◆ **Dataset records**
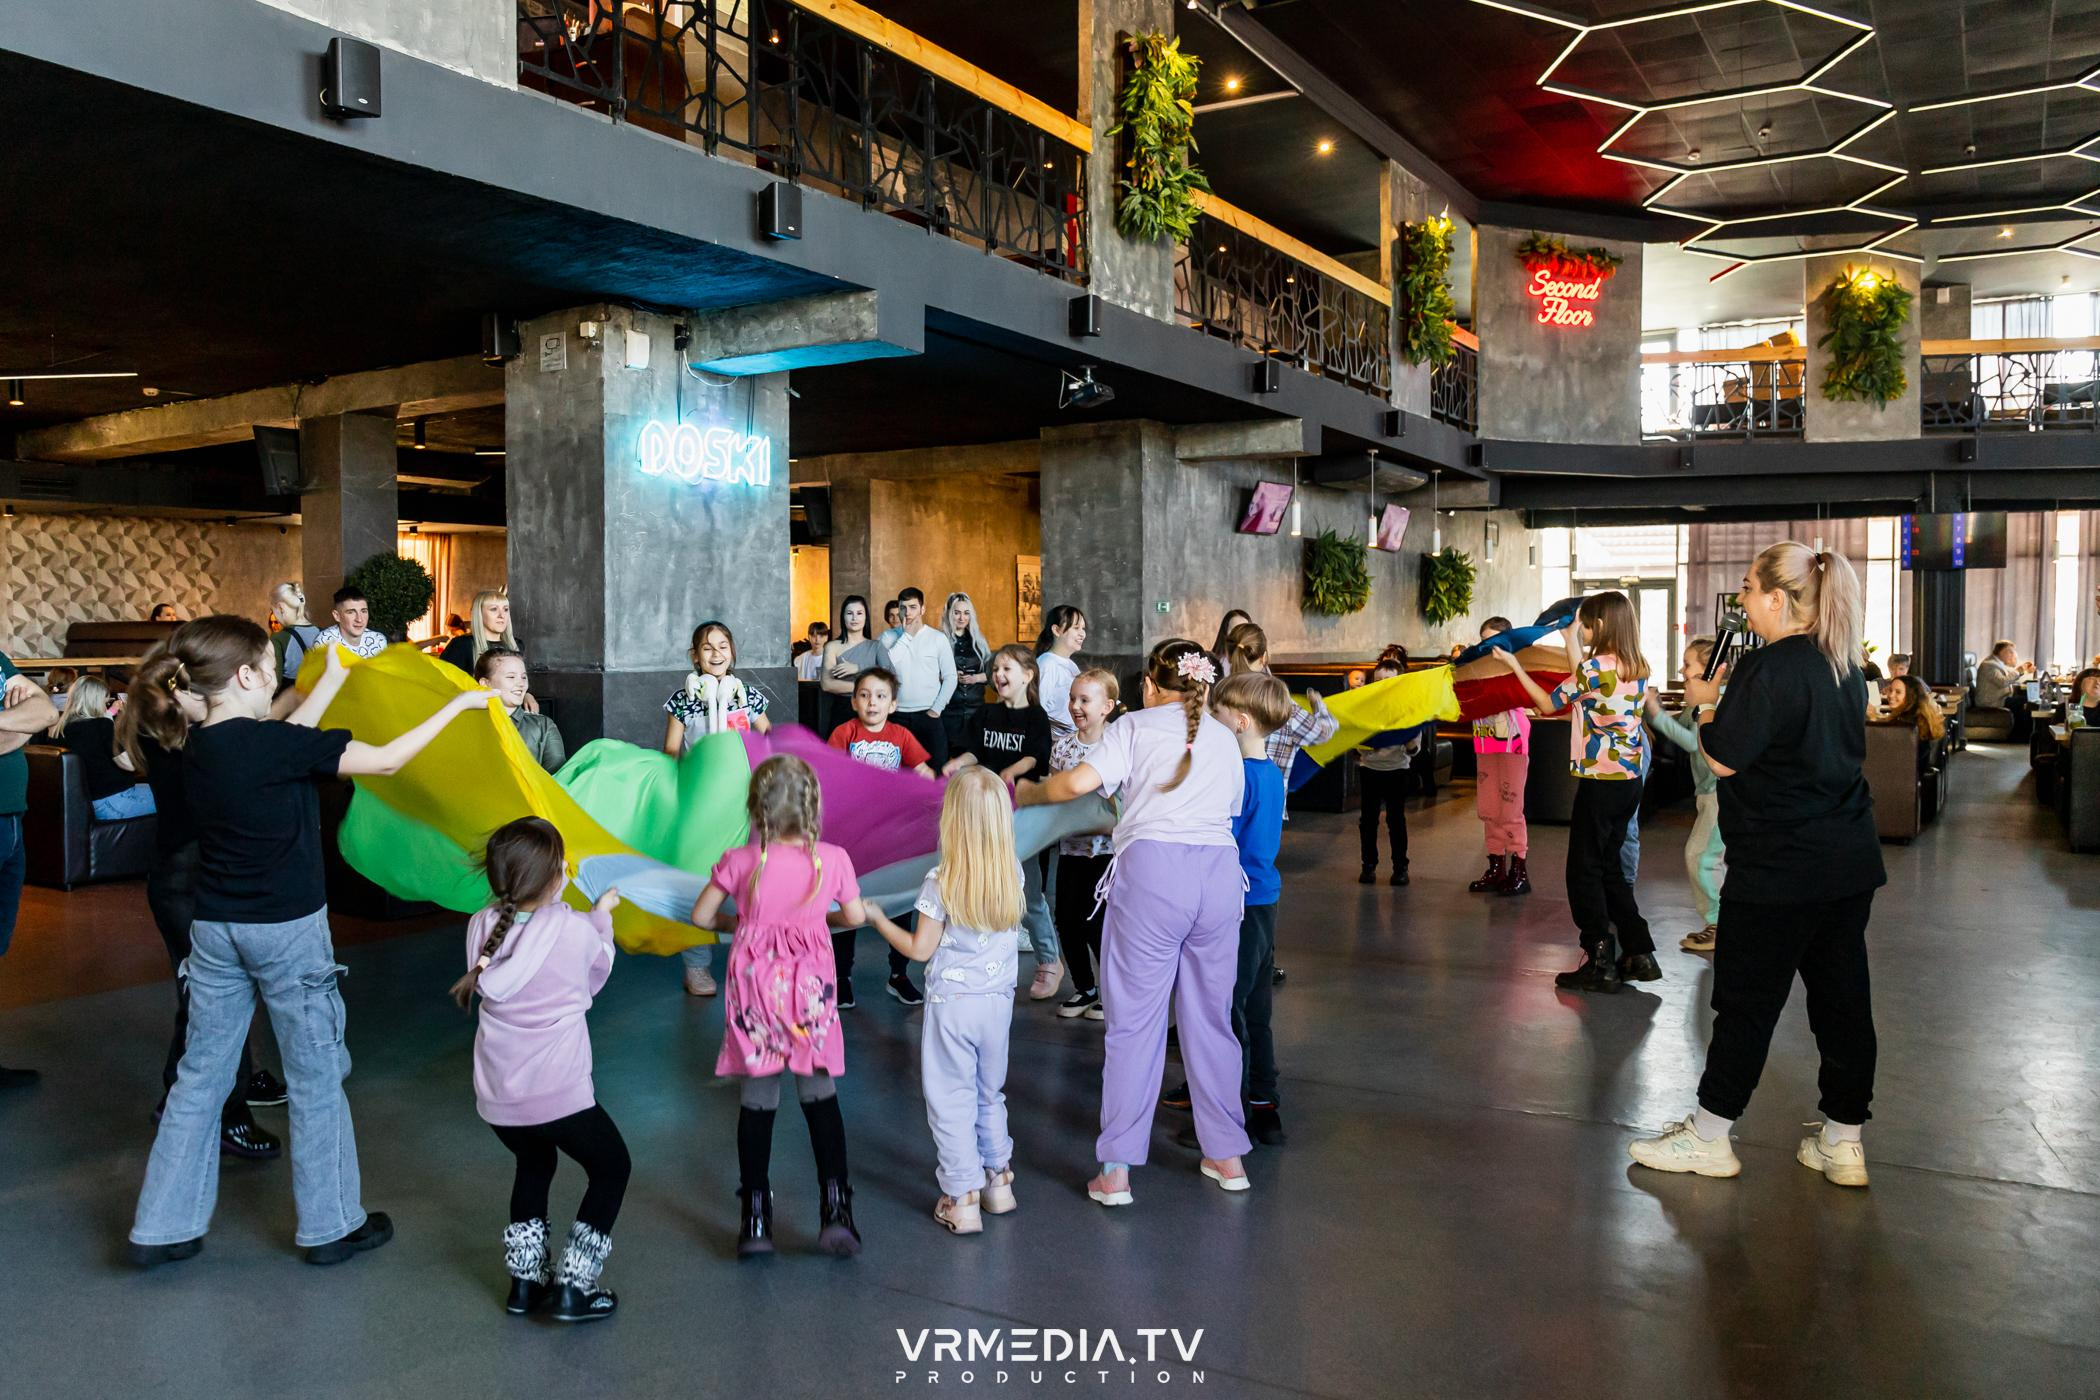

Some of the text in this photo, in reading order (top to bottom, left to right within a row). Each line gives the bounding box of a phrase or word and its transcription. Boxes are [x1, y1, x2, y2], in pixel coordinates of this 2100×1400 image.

[1529, 270, 1601, 300] Second
[1538, 297, 1593, 326] Floor
[640, 420, 770, 486] DOSKI
[984, 728, 1025, 752] EDNES
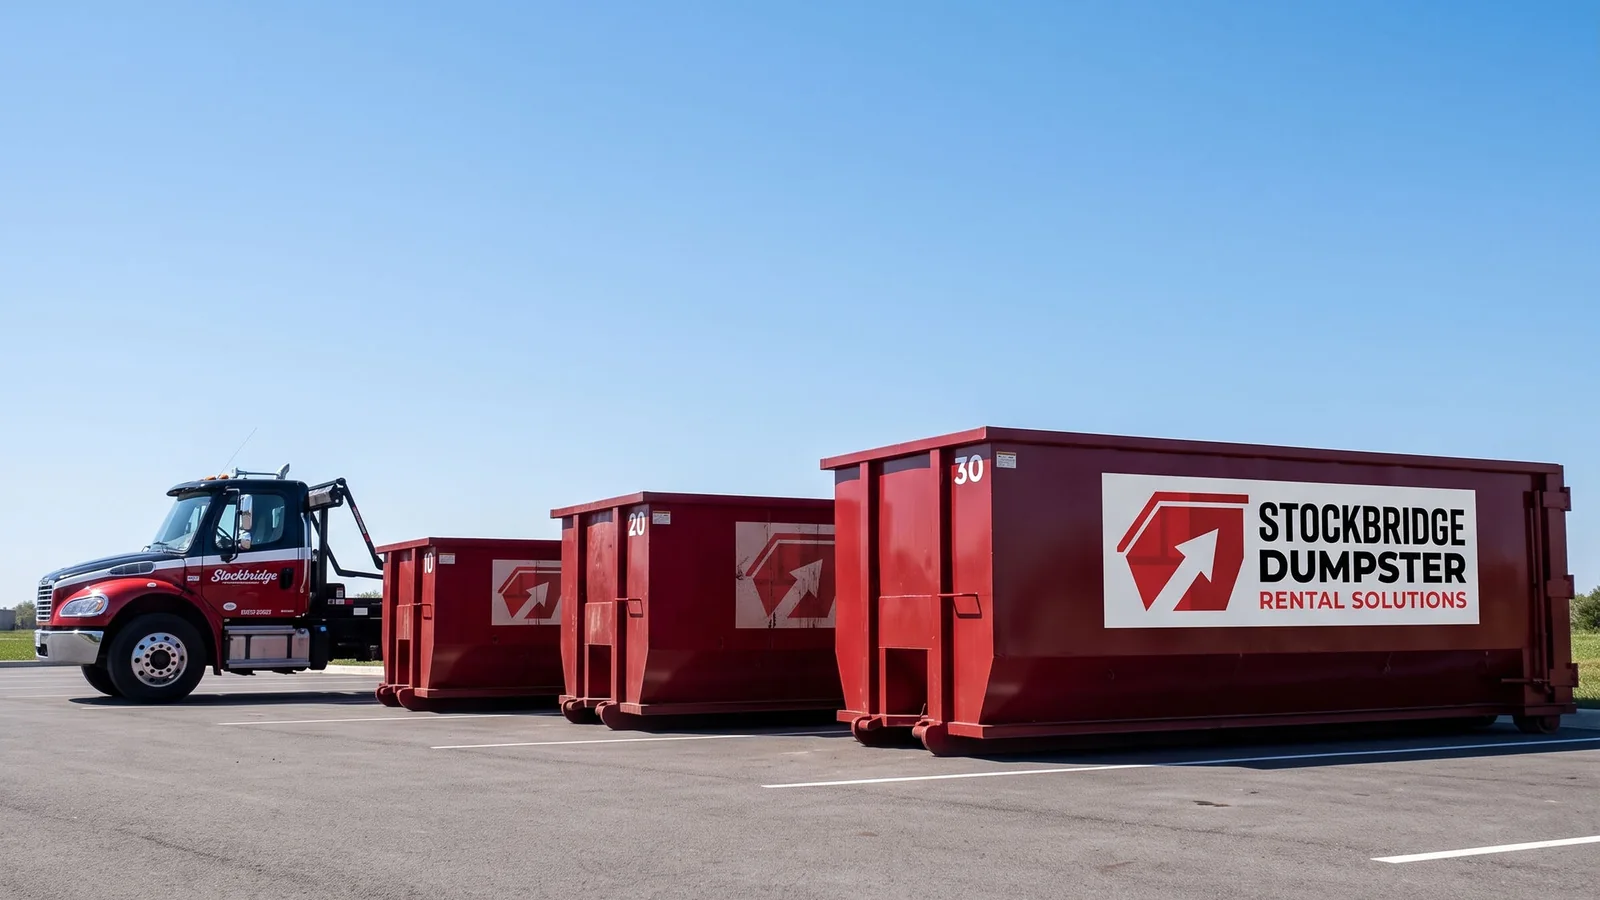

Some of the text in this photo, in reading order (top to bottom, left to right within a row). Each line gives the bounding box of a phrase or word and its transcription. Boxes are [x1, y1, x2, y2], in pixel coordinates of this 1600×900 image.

[954, 454, 984, 485] 30
[628, 511, 645, 537] 20
[1259, 502, 1466, 546] STOCKBRIDGE
[424, 552, 433, 574] 10
[1259, 549, 1467, 583] DUMPSTER
[211, 569, 277, 584] Stockbridge
[1259, 591, 1467, 609] RENTAL SOLUTIONS
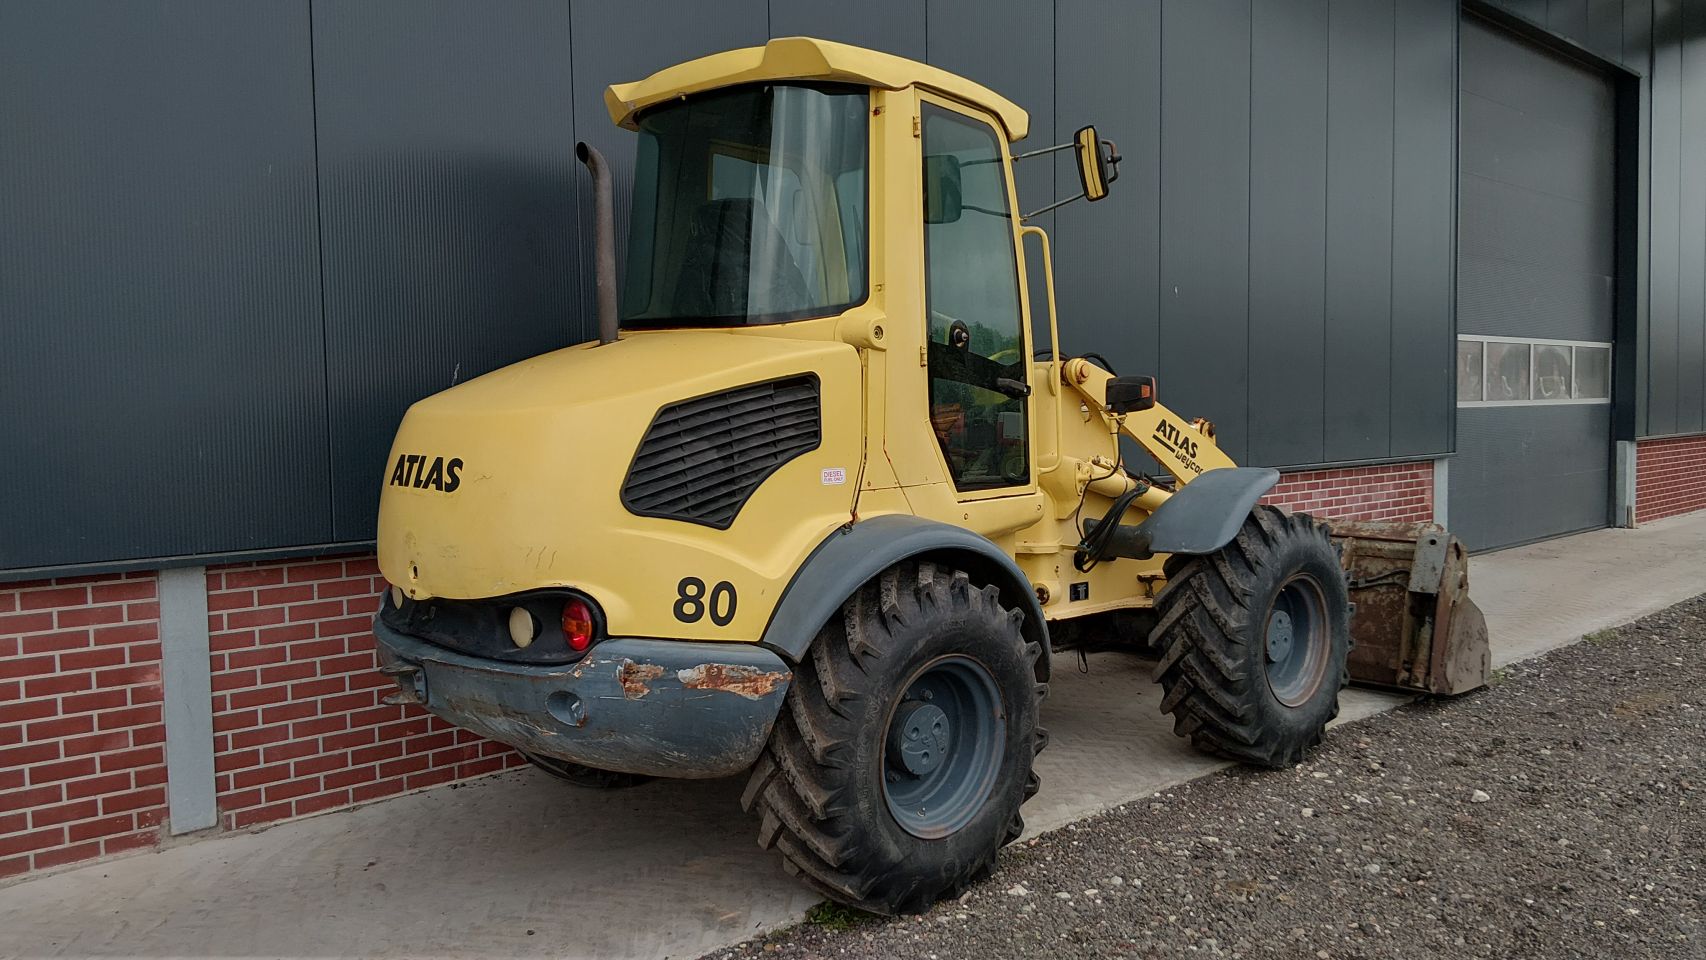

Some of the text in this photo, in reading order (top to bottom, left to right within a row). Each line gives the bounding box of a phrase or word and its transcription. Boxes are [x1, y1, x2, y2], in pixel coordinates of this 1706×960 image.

[1156, 418, 1198, 459] ATLAS
[389, 454, 464, 493] ATLAS
[673, 576, 738, 627] 80
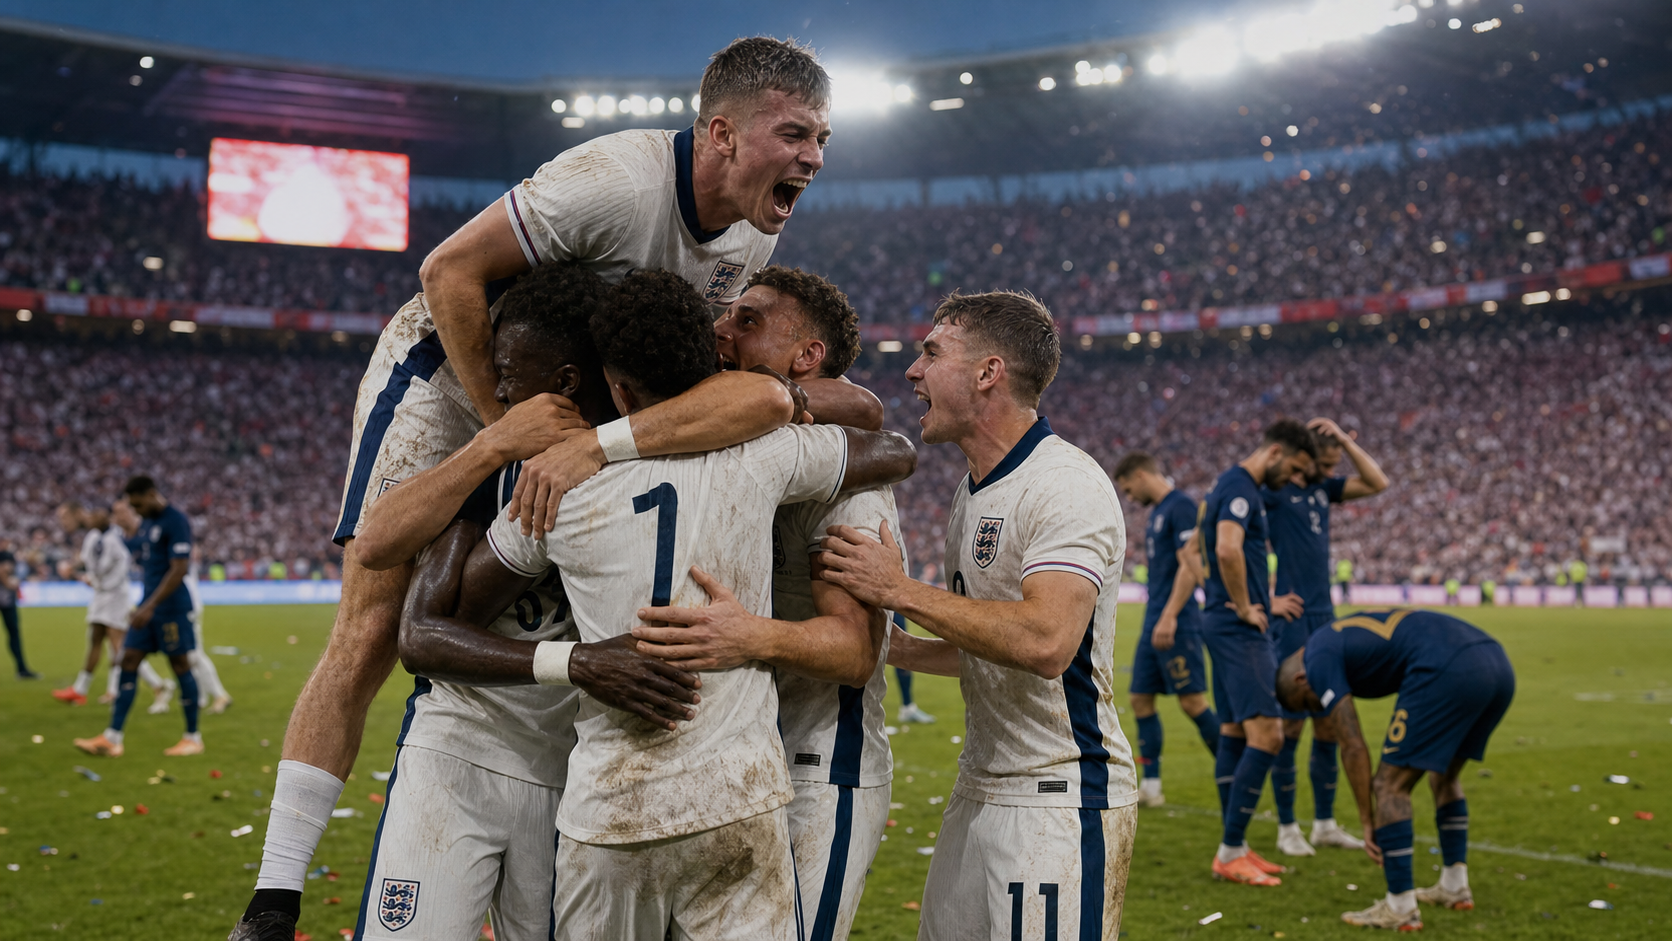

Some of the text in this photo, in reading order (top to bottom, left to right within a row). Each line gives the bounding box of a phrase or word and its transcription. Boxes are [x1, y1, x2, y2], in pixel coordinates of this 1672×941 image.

[632, 482, 678, 627] 1
[1388, 708, 1408, 744] 6
[1007, 882, 1060, 941] 11

◆ **ASSIGNED TASK**
Could you set down exactly, and only, the lines from the line containing "this 1600×900 image." through the last line of the records, both included, without the pictures?

◆ **WRITTEN RESPONSE**
Some of the text in this photo, in reading order (top to bottom, left to right within a row). Each line gives the bounding box of a phrase or word and its transcription. Boxes are [x1, y1, x2, y2], in pixel coordinates of this 1600×900 image.

[954, 454, 984, 485] 30
[628, 511, 645, 537] 20
[1259, 502, 1466, 546] STOCKBRIDGE
[424, 552, 433, 574] 10
[1259, 549, 1467, 583] DUMPSTER
[211, 569, 277, 584] Stockbridge
[1259, 591, 1467, 609] RENTAL SOLUTIONS

Some of the text in this photo, in reading order (top to bottom, left to right within a row). Each line gives the bounding box of a phrase or word and its transcription. Boxes are [x1, y1, x2, y2], in pixel coordinates of this 1706×960 image.

[1156, 418, 1198, 459] ATLAS
[389, 454, 464, 493] ATLAS
[673, 576, 738, 627] 80

Some of the text in this photo, in reading order (top to bottom, left to right within a row). Each line gives the bounding box of a phrase or word and its transcription. Boxes are [x1, y1, x2, y2], in pixel coordinates of this 1672×941 image.

[632, 482, 678, 627] 1
[1388, 708, 1408, 744] 6
[1007, 882, 1060, 941] 11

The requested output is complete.